Records from a data collection:
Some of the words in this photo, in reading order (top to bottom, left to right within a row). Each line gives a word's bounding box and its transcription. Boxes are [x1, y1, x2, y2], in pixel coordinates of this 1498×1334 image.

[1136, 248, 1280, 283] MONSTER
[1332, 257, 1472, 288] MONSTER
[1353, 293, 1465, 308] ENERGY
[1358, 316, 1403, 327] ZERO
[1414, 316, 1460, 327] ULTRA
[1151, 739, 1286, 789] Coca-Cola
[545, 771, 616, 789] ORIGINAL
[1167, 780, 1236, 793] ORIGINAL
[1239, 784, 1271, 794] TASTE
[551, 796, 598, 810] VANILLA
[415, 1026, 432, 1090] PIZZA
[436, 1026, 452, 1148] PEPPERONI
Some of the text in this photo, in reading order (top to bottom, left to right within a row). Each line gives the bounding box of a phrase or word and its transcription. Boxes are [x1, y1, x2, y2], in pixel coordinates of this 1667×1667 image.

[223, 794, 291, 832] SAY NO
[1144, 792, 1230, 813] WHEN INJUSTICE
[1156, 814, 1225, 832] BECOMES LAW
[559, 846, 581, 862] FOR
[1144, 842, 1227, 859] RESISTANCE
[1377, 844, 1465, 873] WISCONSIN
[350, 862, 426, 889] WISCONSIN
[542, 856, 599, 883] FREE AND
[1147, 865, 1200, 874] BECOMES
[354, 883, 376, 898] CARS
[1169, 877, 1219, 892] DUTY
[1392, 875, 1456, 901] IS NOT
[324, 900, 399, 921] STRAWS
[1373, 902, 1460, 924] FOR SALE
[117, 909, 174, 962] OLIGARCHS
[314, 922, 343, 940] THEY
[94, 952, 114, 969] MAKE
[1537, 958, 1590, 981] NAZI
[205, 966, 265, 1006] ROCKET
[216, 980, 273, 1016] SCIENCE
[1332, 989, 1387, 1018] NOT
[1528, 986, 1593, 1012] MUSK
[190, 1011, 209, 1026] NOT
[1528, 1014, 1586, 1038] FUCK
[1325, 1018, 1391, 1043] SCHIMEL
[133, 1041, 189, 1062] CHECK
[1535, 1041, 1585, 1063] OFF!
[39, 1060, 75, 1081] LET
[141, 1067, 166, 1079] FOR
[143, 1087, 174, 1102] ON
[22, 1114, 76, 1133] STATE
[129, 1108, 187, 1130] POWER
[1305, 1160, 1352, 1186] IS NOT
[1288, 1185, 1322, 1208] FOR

§ **PROMPT**
Return each line of the data exactly as it was given.

§ **TASK SOLUTION**
Some of the words in this photo, in reading order (top to bottom, left to right within a row). Each line gives a word's bounding box and its transcription. Boxes are [x1, y1, x2, y2], in pixel coordinates of this 1498×1334 image.

[1136, 248, 1280, 283] MONSTER
[1332, 257, 1472, 288] MONSTER
[1353, 293, 1465, 308] ENERGY
[1358, 316, 1403, 327] ZERO
[1414, 316, 1460, 327] ULTRA
[1151, 739, 1286, 789] Coca-Cola
[545, 771, 616, 789] ORIGINAL
[1167, 780, 1236, 793] ORIGINAL
[1239, 784, 1271, 794] TASTE
[551, 796, 598, 810] VANILLA
[415, 1026, 432, 1090] PIZZA
[436, 1026, 452, 1148] PEPPERONI
Some of the text in this photo, in reading order (top to bottom, left to right within a row). Each line gives the bounding box of a phrase or word and its transcription. Boxes are [x1, y1, x2, y2], in pixel coordinates of this 1667×1667 image.

[223, 794, 291, 832] SAY NO
[1144, 792, 1230, 813] WHEN INJUSTICE
[1156, 814, 1225, 832] BECOMES LAW
[559, 846, 581, 862] FOR
[1144, 842, 1227, 859] RESISTANCE
[1377, 844, 1465, 873] WISCONSIN
[350, 862, 426, 889] WISCONSIN
[542, 856, 599, 883] FREE AND
[1147, 865, 1200, 874] BECOMES
[354, 883, 376, 898] CARS
[1169, 877, 1219, 892] DUTY
[1392, 875, 1456, 901] IS NOT
[324, 900, 399, 921] STRAWS
[1373, 902, 1460, 924] FOR SALE
[117, 909, 174, 962] OLIGARCHS
[314, 922, 343, 940] THEY
[94, 952, 114, 969] MAKE
[1537, 958, 1590, 981] NAZI
[205, 966, 265, 1006] ROCKET
[216, 980, 273, 1016] SCIENCE
[1332, 989, 1387, 1018] NOT
[1528, 986, 1593, 1012] MUSK
[190, 1011, 209, 1026] NOT
[1528, 1014, 1586, 1038] FUCK
[1325, 1018, 1391, 1043] SCHIMEL
[133, 1041, 189, 1062] CHECK
[1535, 1041, 1585, 1063] OFF!
[39, 1060, 75, 1081] LET
[141, 1067, 166, 1079] FOR
[143, 1087, 174, 1102] ON
[22, 1114, 76, 1133] STATE
[129, 1108, 187, 1130] POWER
[1305, 1160, 1352, 1186] IS NOT
[1288, 1185, 1322, 1208] FOR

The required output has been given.